Le voyage en Afrique de Lara Simpson se situe dans les années 1980, mais il pourrait tout aussi bien être considéré comme une épopée contemporaine. Il évoque des thèmes qui s'inscrivent dans la durée et dénoncent des maux qui détruisent l'esprit avant de tuer le corps: le racisme, le sexisme, l'absence de compassion, l'exclusion, etc. Il ne s'agit pas là de fléaux propres à un lieu, à une époque ou une à une classe sociale; non, ces plaies appartiennent à tous les âges, atteignent tout le monde au Nord comme au Sud, les Noirs et les Blancs, les riches et les pauvres.
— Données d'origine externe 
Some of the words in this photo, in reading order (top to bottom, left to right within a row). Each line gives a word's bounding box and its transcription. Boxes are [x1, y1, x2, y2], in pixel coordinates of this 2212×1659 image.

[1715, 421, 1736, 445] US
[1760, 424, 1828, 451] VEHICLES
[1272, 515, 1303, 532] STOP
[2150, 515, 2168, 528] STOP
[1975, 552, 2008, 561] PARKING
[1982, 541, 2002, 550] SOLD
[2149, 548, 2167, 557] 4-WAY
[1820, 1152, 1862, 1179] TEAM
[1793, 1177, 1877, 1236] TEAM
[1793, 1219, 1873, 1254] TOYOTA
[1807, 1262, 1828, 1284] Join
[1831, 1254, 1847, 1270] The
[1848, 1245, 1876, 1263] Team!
Il est fascinant, par exemple, de découvrir combien se ressemblent l'enfance perturbée d'Elisabeth et celle non moins traumatisée de sa mère, bien que les deux femmes aient chacune vécu dans un cadre très différent. Lara vient d'un milieu ouvrier et grandit sous la houlette d'un père communiste qui idolâtre les vertus du prolétariat français alors qu'Elisabeth appartient à la bourgeoisie et évolue sous le regard froid d'un brasseur d'affaires qui n'a aucun intérêt pour les masses populaires. Tout sépare les pères des deux femmes, excepté leur attitude despotique vis à vis de leur fille, attitude qui empêche l'une et l'autre de s'affirmer et de gagner son indépendance. Lorsqu'elles essaient de tuer symboliquement leurs pères tyranniques, l'une en épousant un patron qui n'a aucune compassion pour les ouvriers et l'autre en rejoignant un groupe d'anarchistes avant d'épouser un immigrant africain, c'est un douloureux fiasco car cet acte de défiance ne leur apporte pas la liberté escomptée. La révolte contre l'autorité paternelle n'est que le premier pas d'un lent cheminement qui leur permettra finalement une réconciliation avec soi même.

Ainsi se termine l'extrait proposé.